Work to be completed :: Transcribe the listing below word for word but skip its images.

Data provided ::

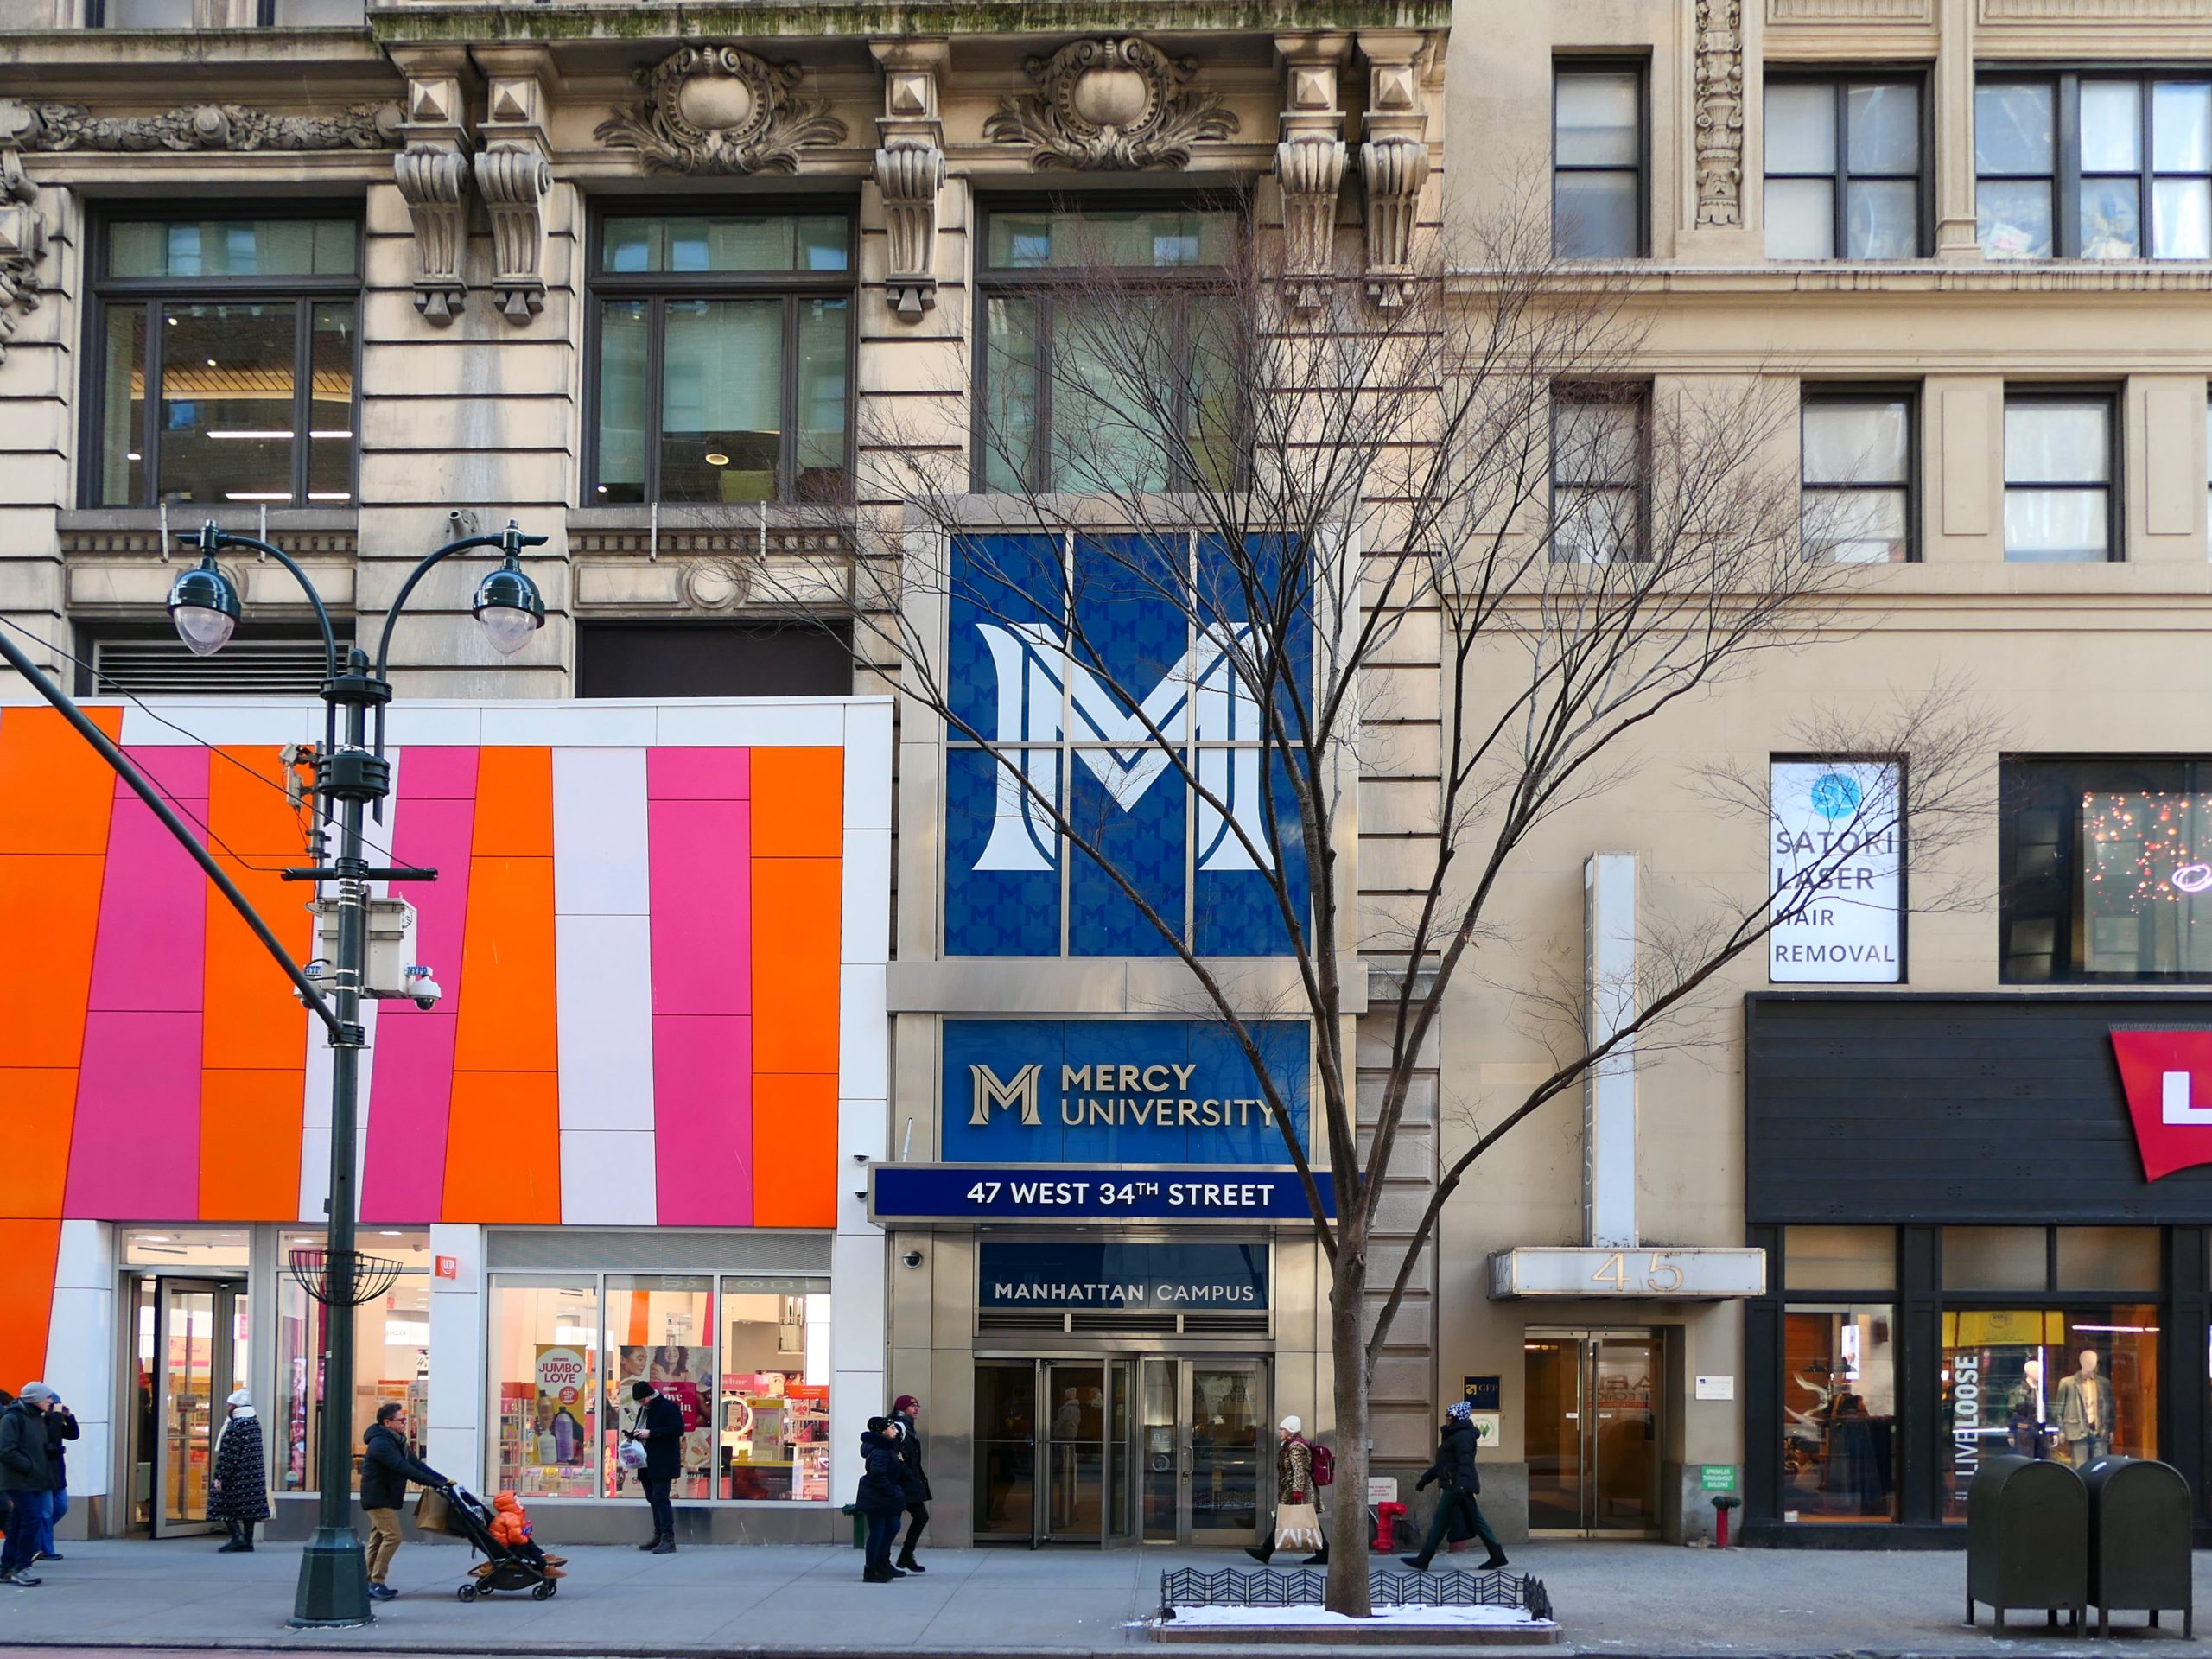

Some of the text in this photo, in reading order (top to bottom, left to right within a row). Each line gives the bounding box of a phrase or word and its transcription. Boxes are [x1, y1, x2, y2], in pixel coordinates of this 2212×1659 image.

[1776, 831, 1892, 855] SATORI
[1777, 868, 1874, 890] LASER
[1775, 945, 1895, 963] REMOVAL
[407, 966, 428, 976] NYPD
[1062, 1064, 1197, 1092] MERCY
[969, 1064, 1044, 1126] M
[1061, 1098, 1274, 1127] UNIVERSITY
[966, 1182, 1001, 1204] 47
[1010, 1182, 1090, 1205] WEST
[1168, 1183, 1274, 1206] STREET
[995, 1283, 1255, 1302] MANHATTAN CAMPUS
[538, 1363, 582, 1374] JUMBO
[544, 1373, 576, 1383] LOVE

Result of this exercise ::
Some of the text in this photo, in reading order (top to bottom, left to right within a row). Each line gives the bounding box of a phrase or word and its transcription. Boxes are [x1, y1, x2, y2], in pixel coordinates of this 2212×1659 image.

[1776, 831, 1892, 855] SATORI
[1777, 868, 1874, 890] LASER
[1775, 945, 1895, 963] REMOVAL
[407, 966, 428, 976] NYPD
[1062, 1064, 1197, 1092] MERCY
[969, 1064, 1044, 1126] M
[1061, 1098, 1274, 1127] UNIVERSITY
[966, 1182, 1001, 1204] 47
[1010, 1182, 1090, 1205] WEST
[1168, 1183, 1274, 1206] STREET
[995, 1283, 1255, 1302] MANHATTAN CAMPUS
[538, 1363, 582, 1374] JUMBO
[544, 1373, 576, 1383] LOVE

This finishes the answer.